Kwai Me a River

After The Bridge on the River Kwai was released, the magazines that printed a joke section all seemed to have some variation of this one:

I came across a fellow peeling onions on a bridge and when I asked him why, he said he wanted to see the bridge on the river cry.

Even at eight or nine years old I thought that one was lame.

I went to see the movie when it arrived at the Neptune Theatre, but that wouldn’t have been until well into 1958 as the movie was released in December 1957. Clocking in at two hours and forty two minutes, it would have only had one showing per evening, and it had probably been booked for either Wednesday or Thursday through Saturday nights. 

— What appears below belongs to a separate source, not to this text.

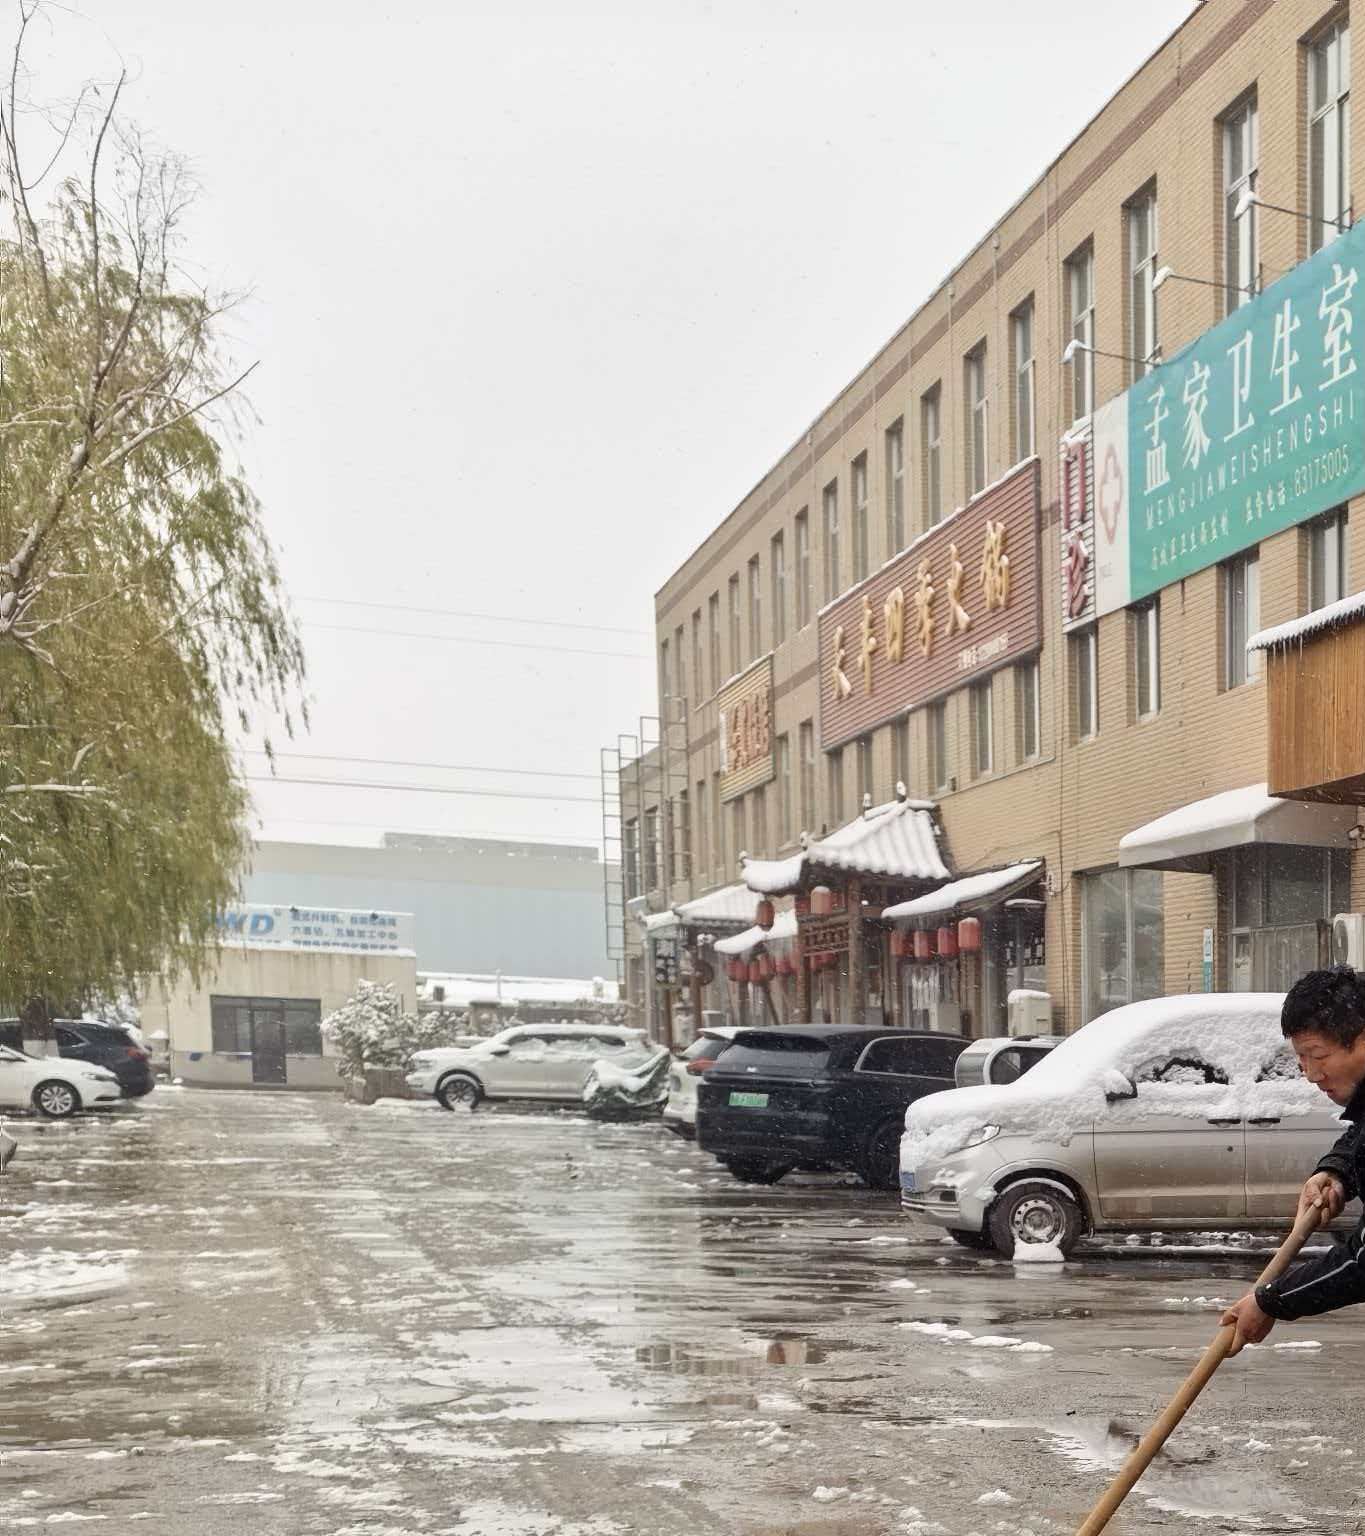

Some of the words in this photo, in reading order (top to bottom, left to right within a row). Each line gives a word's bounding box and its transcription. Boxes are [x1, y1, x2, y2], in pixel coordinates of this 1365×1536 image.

As I think I saw it on a weeknight, it was probably there during the summer when school was out. And for the life of me, given its length and its subject matter, I don’t know how nine-year-old Jimmy sat through the whole thing, because it’s not the most engrossing story for a youngster.

In fact, I didn’t fully understand it.


If you haven’t seen the movie and don’t want the ending spoiled, don’t read any further.

I couldn’t understand why Alec Guiness’s character, who had spent the better part of the movie getting his men to build a good solid bridge, would, in the final moments of the movie, blow the whole thing to smithereens as his dying act. It just didn’t make any sense.

And I said so to Lynn Klopp (our classmate Randy’s father) the next day when I went to the Snack Bar. It wasn’t very busy so Lynn had a few minutes to chat with me. He explained the whole movie and why Guiness’s pride in British know-how had initially blinded him into building the best bridge possible, and then once he realized that he had been aiding and abetting the enemy, why he had to blow it up.

Oh, that made sense.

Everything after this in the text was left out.